Monday, January 24, 2011

Is Skins Too Risque For TV?


In the U.S. a whole lot of sponsors are pulling out of MTV's new series Skins which is all about teenagers hooked on sex and drugs.
Subway is the latest ccompany to pull its ads after Taco Bell and Wrigley gum also left.
The American based Parent Television Council had urged members to contact the series' sponsors and asking the federal U.S. government to investigate the show for child pornography.
But in Canada?
Well, Skins debuted last week --but up here it runs on the advertising free cable channel The Movie Network Mondays at 10 p.m..
I checked out the preview episode and I can see why the shouting has started.
First of all Skins isn't the only TV series dealing with adolescents and sex.
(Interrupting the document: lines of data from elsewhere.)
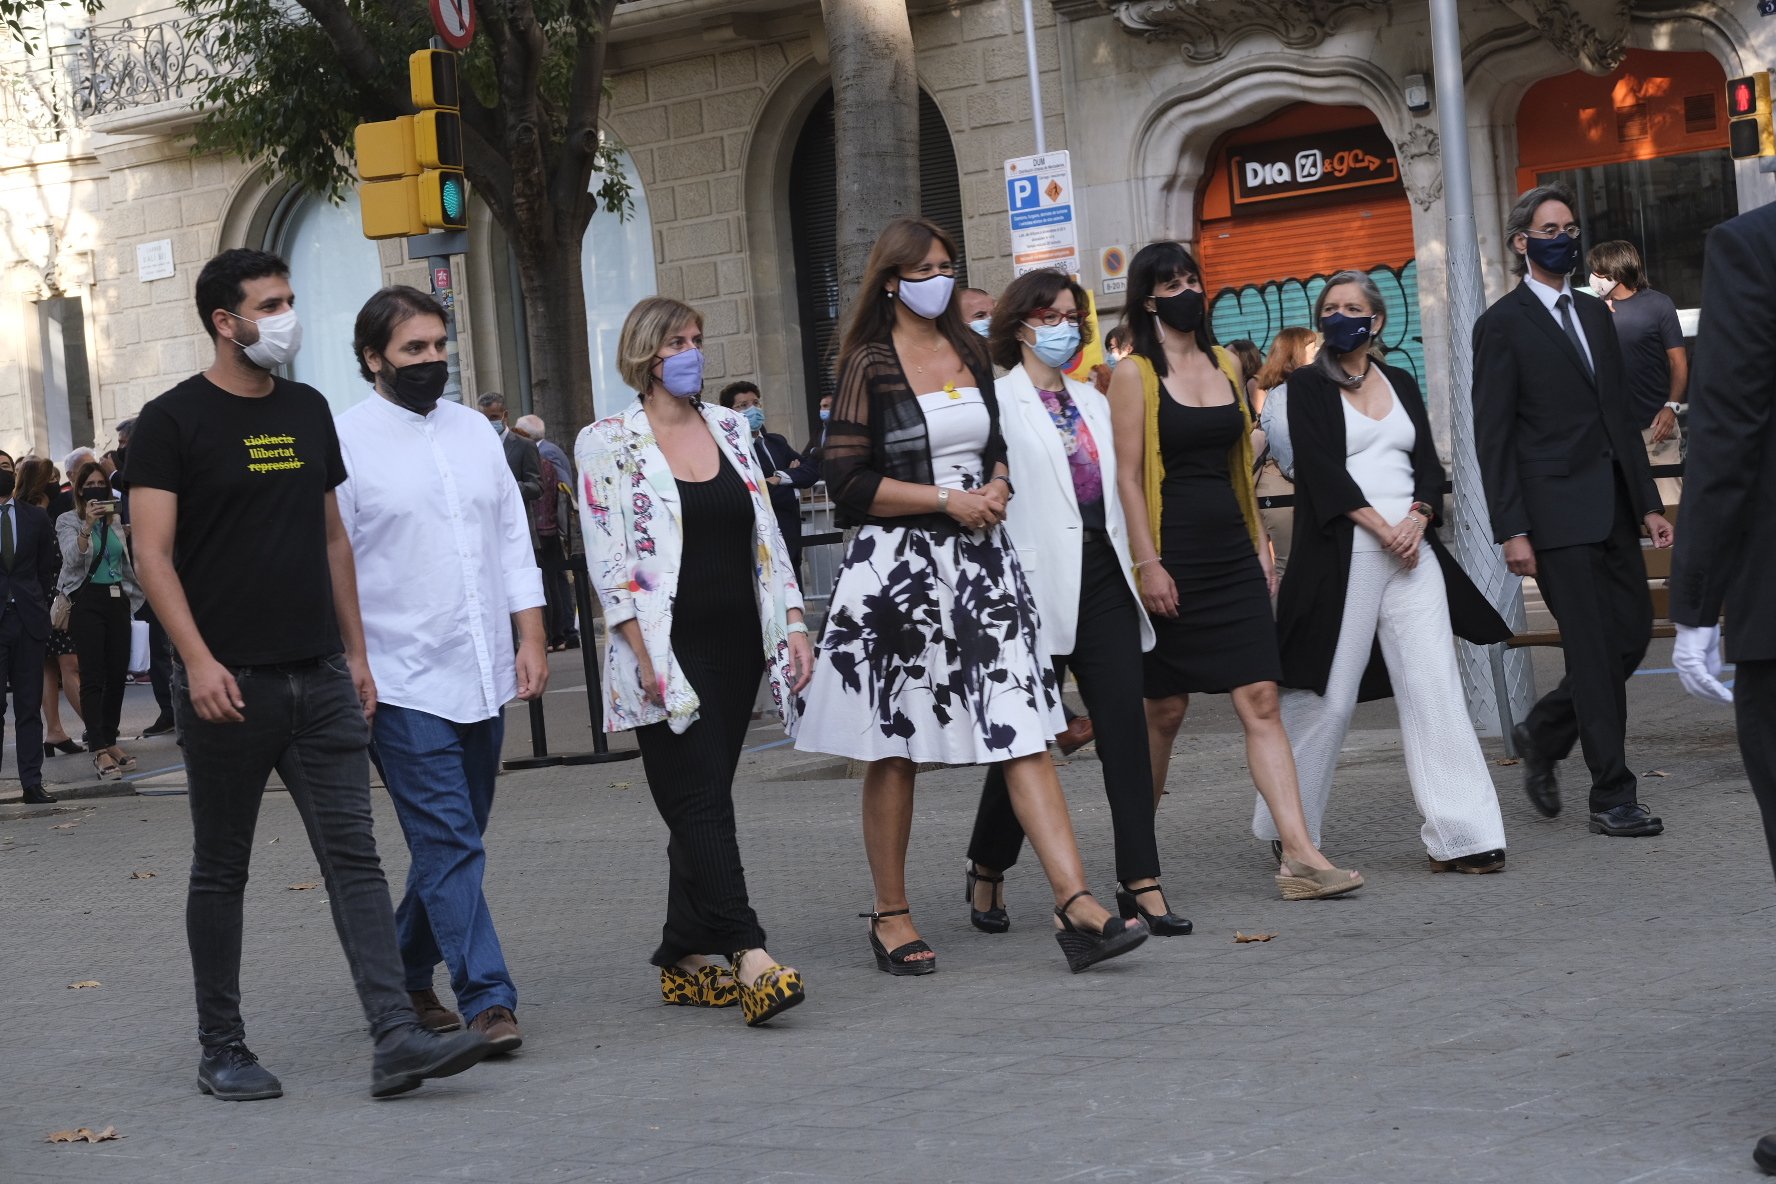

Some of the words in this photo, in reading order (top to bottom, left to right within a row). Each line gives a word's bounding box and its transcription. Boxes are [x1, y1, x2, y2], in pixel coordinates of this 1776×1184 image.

[1014, 179, 1032, 208] P
[243, 433, 296, 446] violència
[249, 447, 296, 459] llibertat
[247, 457, 302, 474] repressió
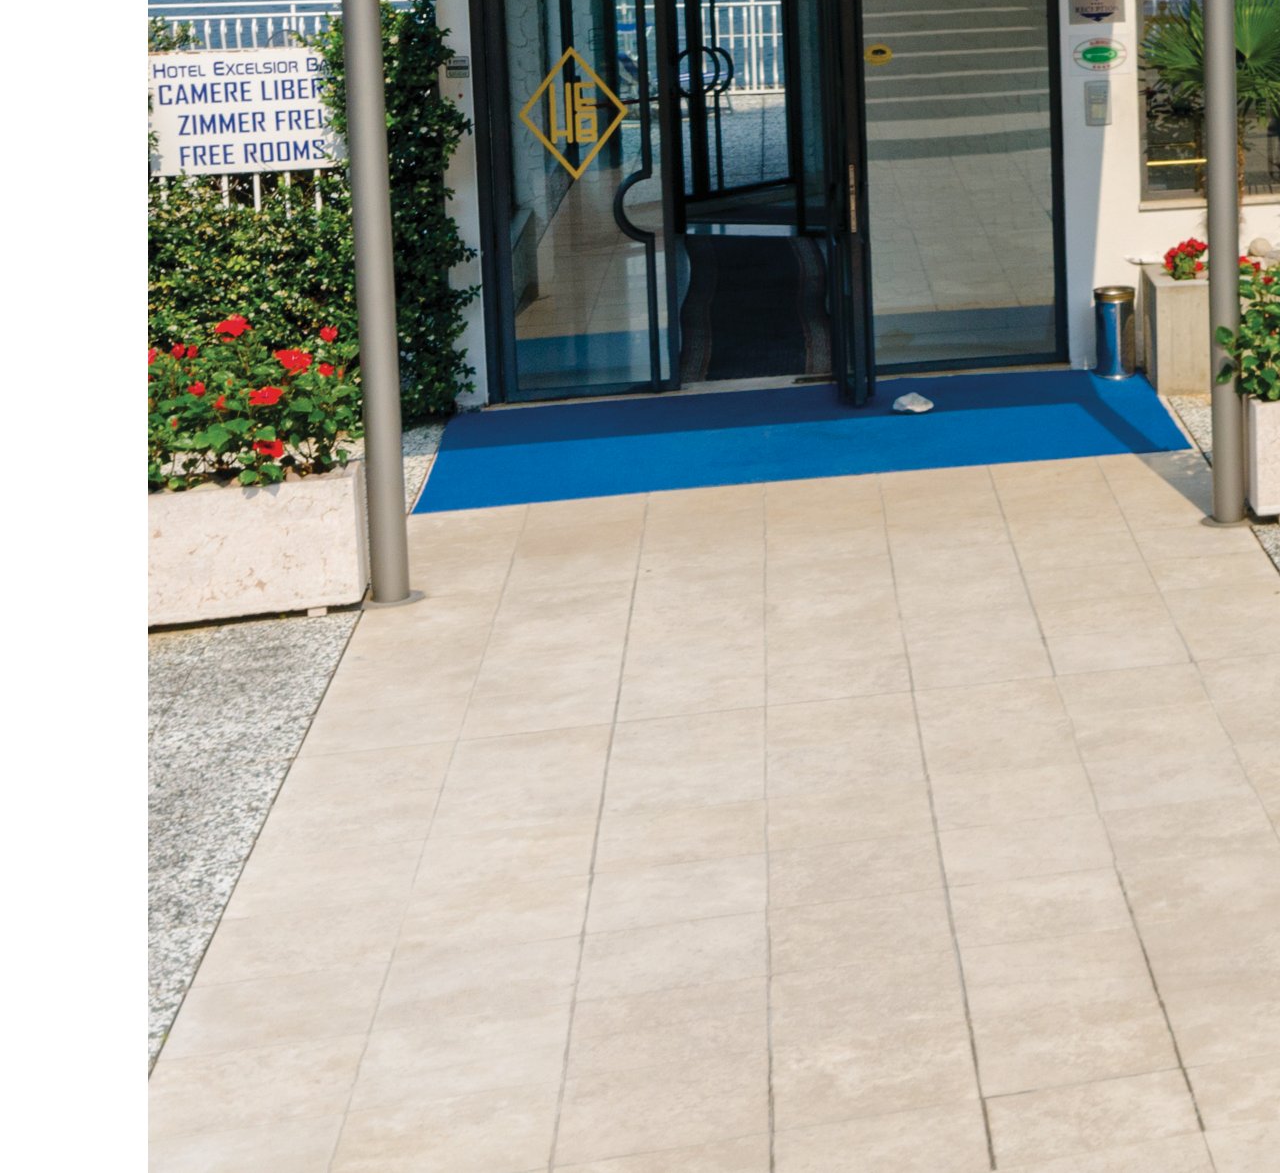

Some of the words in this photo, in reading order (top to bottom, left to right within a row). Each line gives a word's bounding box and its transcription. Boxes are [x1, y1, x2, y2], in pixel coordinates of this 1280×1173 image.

Think Gossip Girl. Think One Tree Hill. The difference is that on these glossy prime time soaps the actors playing high schoolers are all over 20 and some are nearer to 30.
Skins doesn't use actors --it recruited real teens and let them behave as same as the raucous teens we often spot on the subway. It's this dash of reality that is truly shocking.
There's nothing pretty about Skins. In Gossip Girl the wealthy youngsters prance around in coutourier duds. The gals are freshly made up with every blemish hidden.
These special adolescents make out but without any consequences --no sexual diseases or unwanted pregnancies.
So which series is more real?
On Skins we're getting an eyeful of bad behavior. These are suburban teens out of control (the series was actually filmed in Toronto).
The New York Times calls it a flagrant display of child pornography.
It seems to be the very youth of these participants that is causing some degree of mental anguish. Some of these "actors" really are only 15.
I'm told that the premiere episode was almost a scene for scene remake of the original British show -- if that's true it explains some odd social behavior that might be more appropriate in British society.
I'll grant the show is racy. But it's not sexy at all. These kids are completely mixed up --one of the girls gets stoned and then tries to cut people around her.
One of the lads spends his time trying to get laid and falls afoul of a dangerous drug dealer.
Tony is the lead teen and he deliberately keeps his dad from using the one bathroom in the house every morning. At school he's especially solicitous about pal Stanley, a blondie with a virginity problem.
Maybe the series worked better in Britain. The antics of these kids seem somewhat dispirited. The suburban streets they inhanit are always deserted as if in a dream.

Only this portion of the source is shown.